During the later stages of the game, the story finds more purpose as brain-teasers involving the literal schism between worlds becomes apparent – with some interesting solutions involving use and reverse use of the timestop ability. Though the story a little thin, the abridged version is that scientists ruined everything by playing with science, causing a collapse between the turn-based and real-time continuums. Details and commentary come in from your ship’s resident scientist known as Dr Science, whose dialogue jarringly shifts between cringe-worthy and charming – although towards the end of the game I’d warmed to him.
It’s a shame that some of the puzzles are so rudimentary in design and inspiration. Switches, blocks, buttons and portals are pervasive video game conventions and considering the novel main mechanic this is somewhat disappointing. One repeating set of puzzles through the second world has you funnel objects through portals in what is essentially Aperture Lite. Anyone who has played Valve’s seminal games will breeze through these sections in moments, without stopping for thought.
Another disappointment I found was the level design. Nova-111 is marketed partly as an exploration game, but I found the linear levels to be a bit restrictive. Most have a single narrow path through, with occasional off-shoots and hidden secrets for extra puzzles, to rescue the 111 scientists of the game’s title or find health upgrades. Many secrets unfortunately require flailing aimlessly into walls, occasionally yielding a hidden path behind the foreground – the contents of which can sometimes be disappointing; upgrades are frugal and often a hidden path merely contains a peculiar sock-puppet called Mr George whose only reward is a repeated line of ‘random’ dialogue.
Aesthetically too, the levels can become fairly repetitive as each individual world’s zones look fairly similar – the first world in particular I found overstayed its welcome as brown canyons are universally indistinguishable. Nevertheless, this was only a minor gripe, especially since much of the artwork is superb, illustrating the developers’ PixelJunk heritage.
These flaws shouldn’t diminish any interest in Nova-111, however.
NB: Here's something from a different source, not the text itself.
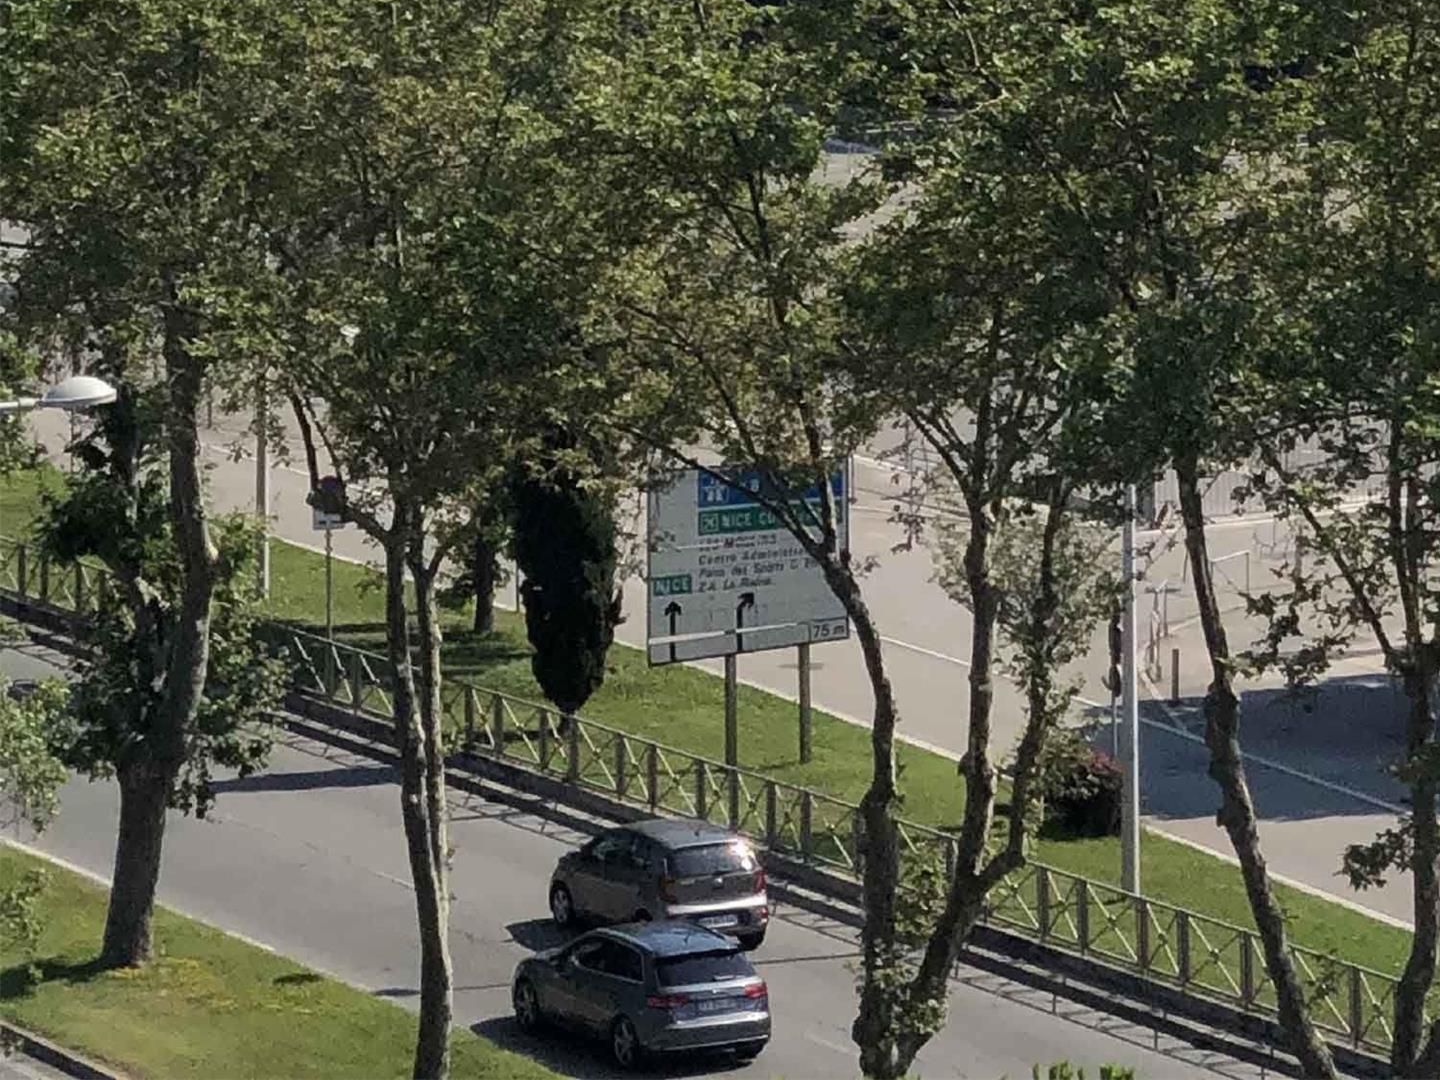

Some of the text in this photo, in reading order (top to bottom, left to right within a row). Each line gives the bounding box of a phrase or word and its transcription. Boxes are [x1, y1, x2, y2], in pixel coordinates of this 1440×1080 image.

[721, 511, 752, 528] NICE
[654, 579, 689, 595] NICE
[813, 624, 845, 638] 75 m
When everything falls into place you have a manic, strategic playground that is often excellent fun. A very special commendation goes to the sound design. The dynamic music works wonderfully, but each creature and object has clearly had a lot of heart poured into their audio design which I found particularly pleasing, especially the cute, euphoric ‘yay!’ from newly liberated scientists.
Nova-111 should definitely be played by those who enjoy games with unusual and interesting concepts. Despite a few flaws, it remains a great game, featuring some superb moments and while the first few levels are a slow burn, the pace soon becomes manic. I’m personally very excited to see what Funktronic Labs create in the future.